## What you need to do
Transcribe the listing below exactly, leaving out each image.

## Records for the task
___
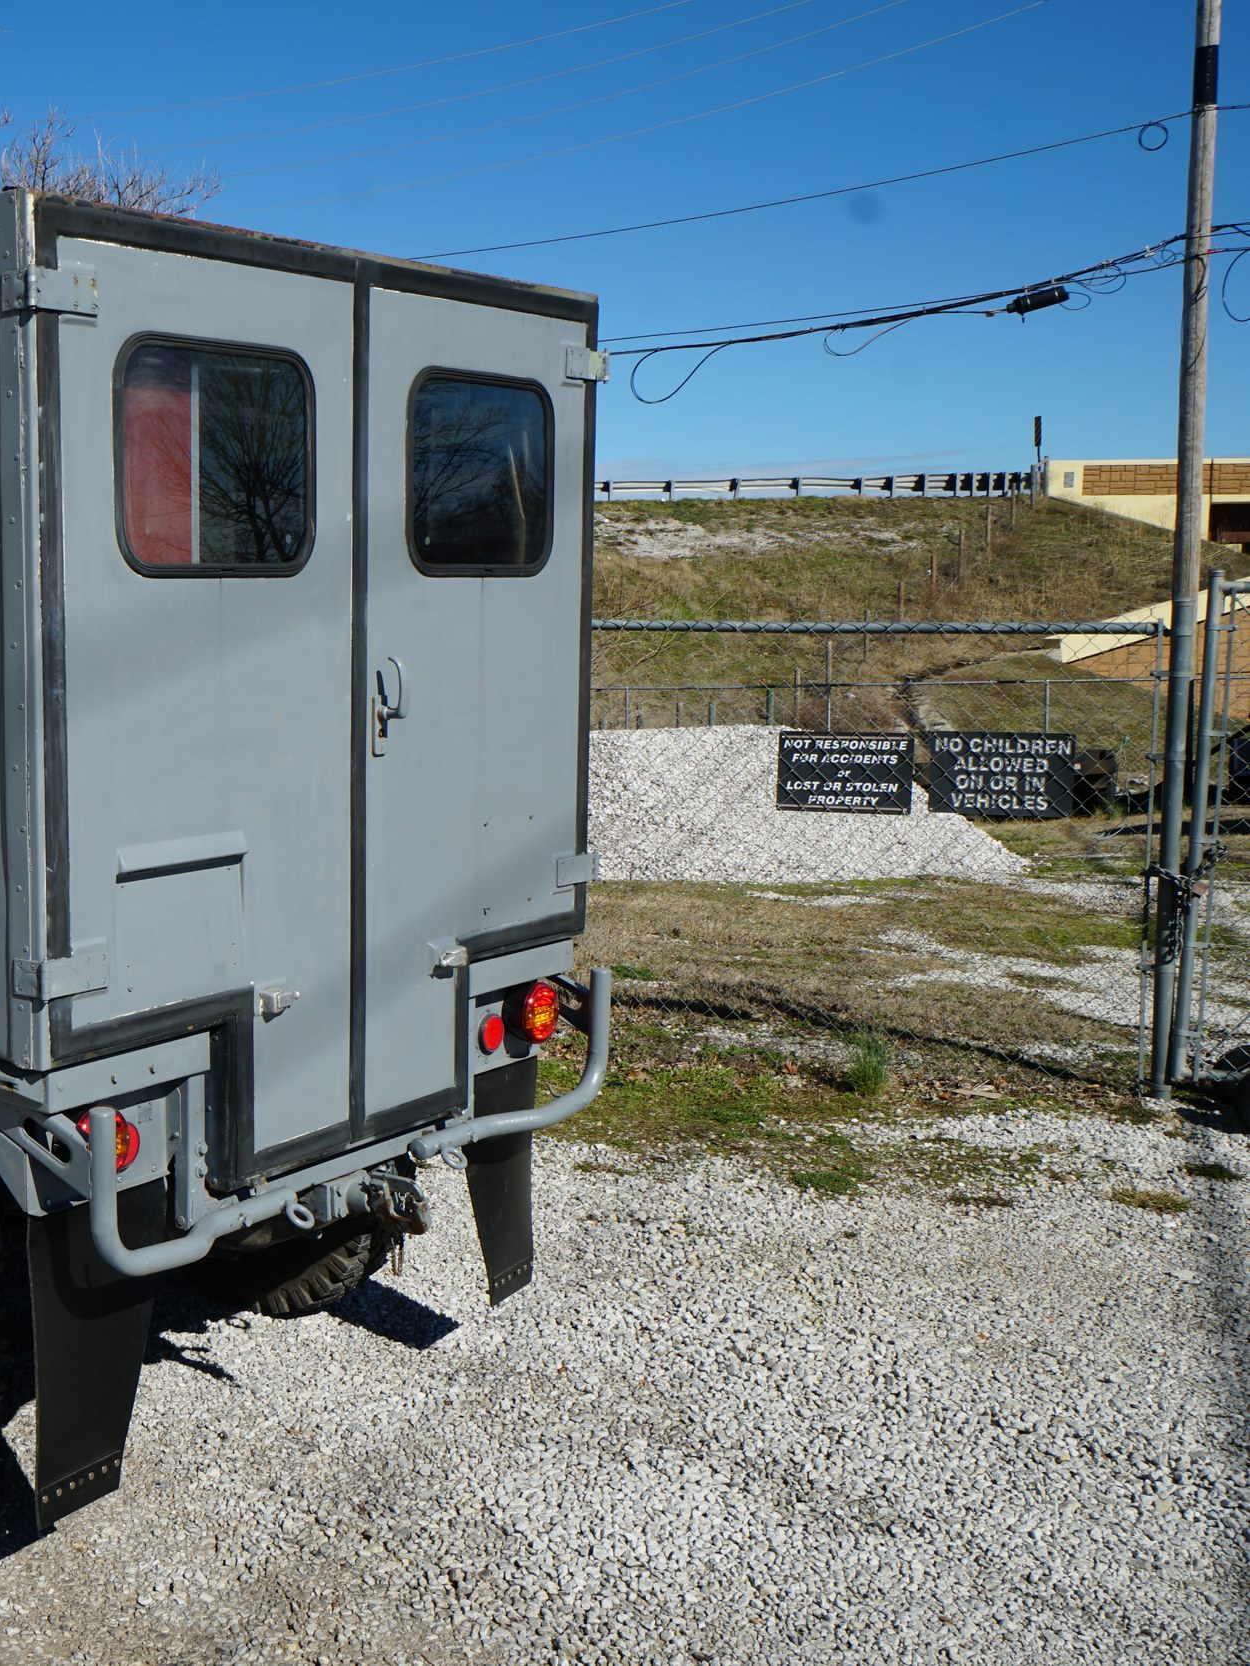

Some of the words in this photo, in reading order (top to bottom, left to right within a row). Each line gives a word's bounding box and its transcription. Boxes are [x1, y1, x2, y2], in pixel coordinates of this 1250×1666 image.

[783, 739, 811, 749] NOT
[815, 740, 908, 751] RESPONSIBLE
[934, 737, 963, 753] NO
[969, 738, 1072, 756] CHILDREN
[791, 753, 818, 763] FOR
[821, 753, 899, 765] ACCIDENTS
[954, 756, 1050, 773] ALLOWED
[785, 780, 820, 791] LOST
[823, 781, 842, 791] OR
[845, 782, 898, 793] STOLEN
[956, 774, 985, 790] ON
[990, 776, 1018, 791] OR
[1025, 777, 1046, 792] IN
[807, 794, 880, 806] PROPERTY
[951, 792, 1050, 811] VEHICLES
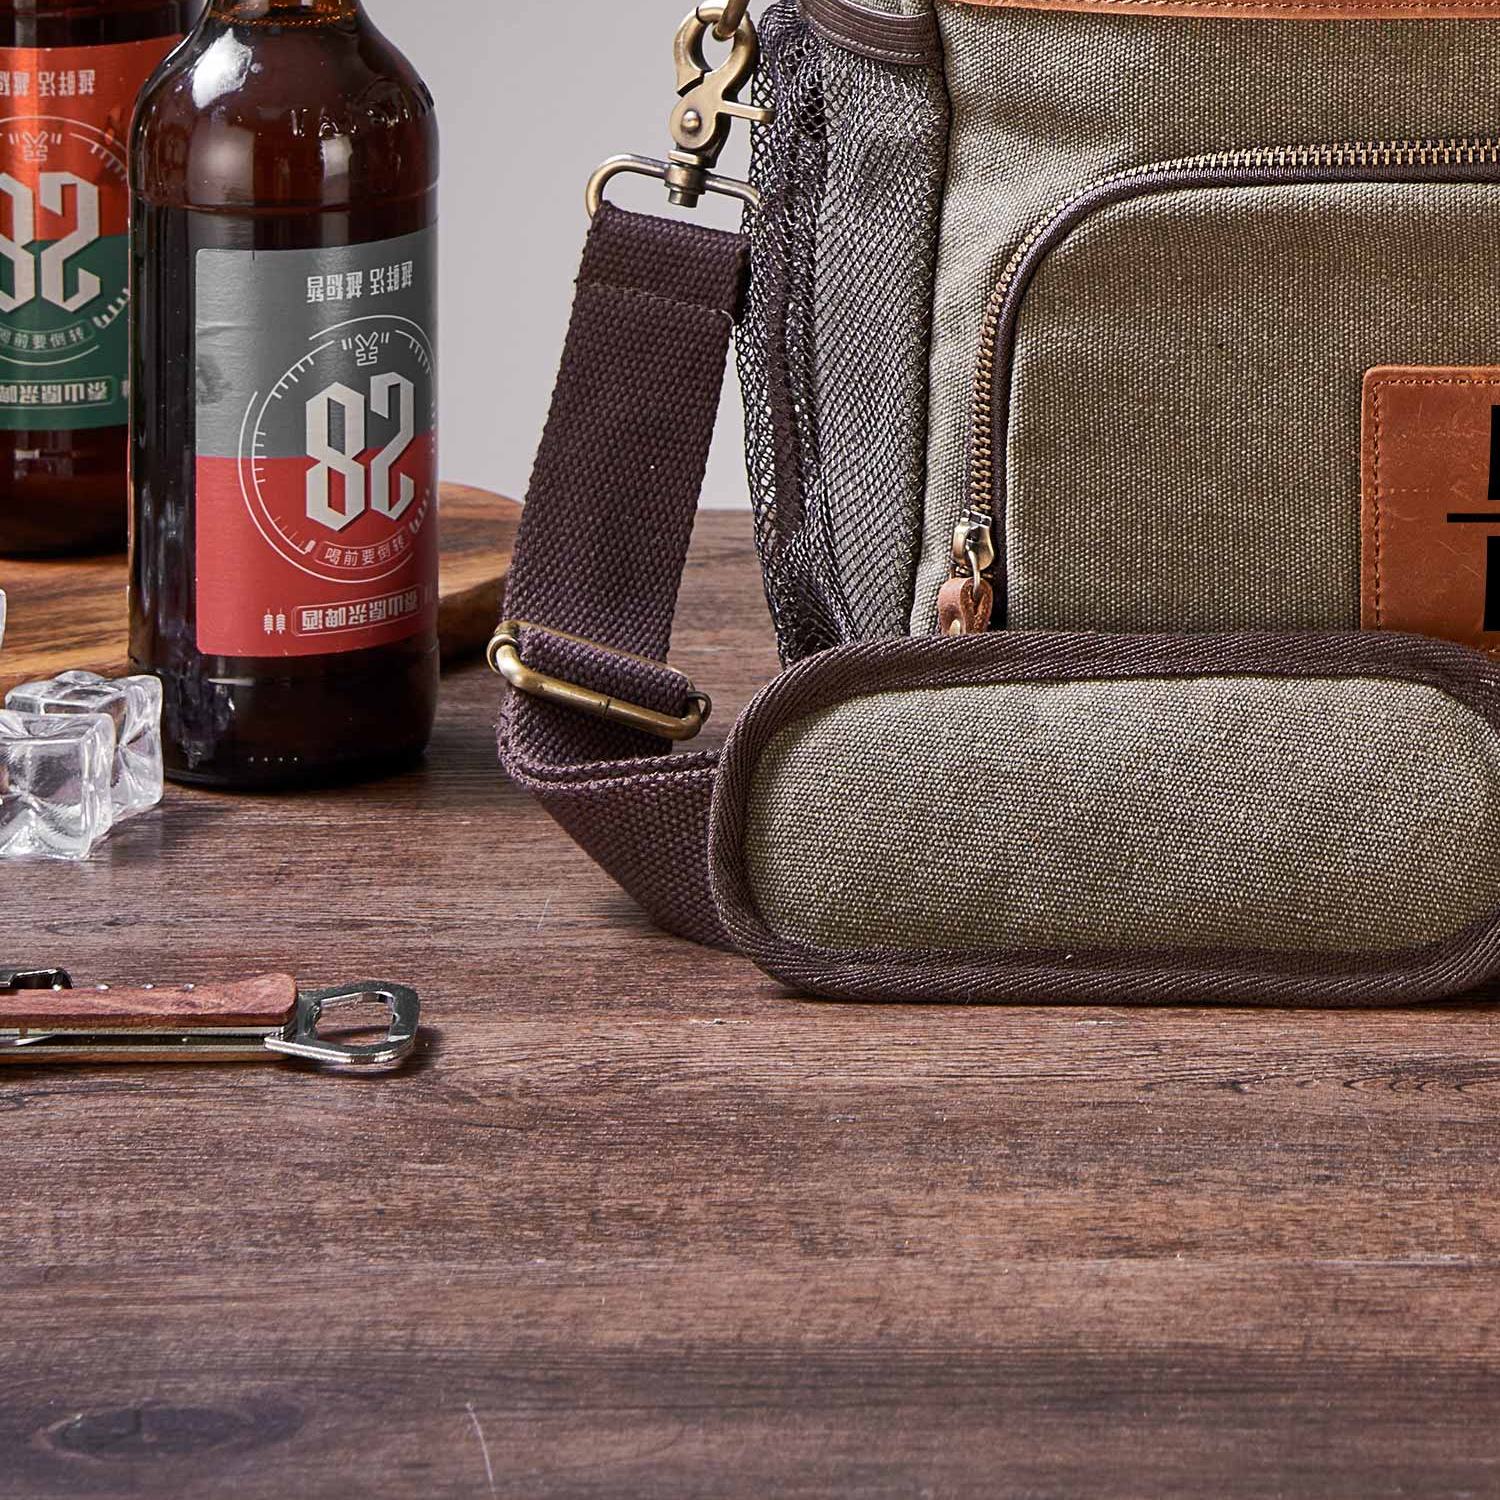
___
## Task response
Some of the words in this photo, in reading order (top to bottom, left to right within a row). Each line gives a word's bounding box and its transcription. Boxes are [x1, y1, x2, y2], in pixel coordinates of this 1250×1666 image.

[783, 739, 811, 749] NOT
[815, 740, 908, 751] RESPONSIBLE
[934, 737, 963, 753] NO
[969, 738, 1072, 756] CHILDREN
[791, 753, 818, 763] FOR
[821, 753, 899, 765] ACCIDENTS
[954, 756, 1050, 773] ALLOWED
[785, 780, 820, 791] LOST
[823, 781, 842, 791] OR
[845, 782, 898, 793] STOLEN
[956, 774, 985, 790] ON
[990, 776, 1018, 791] OR
[1025, 777, 1046, 792] IN
[807, 794, 880, 806] PROPERTY
[951, 792, 1050, 811] VEHICLES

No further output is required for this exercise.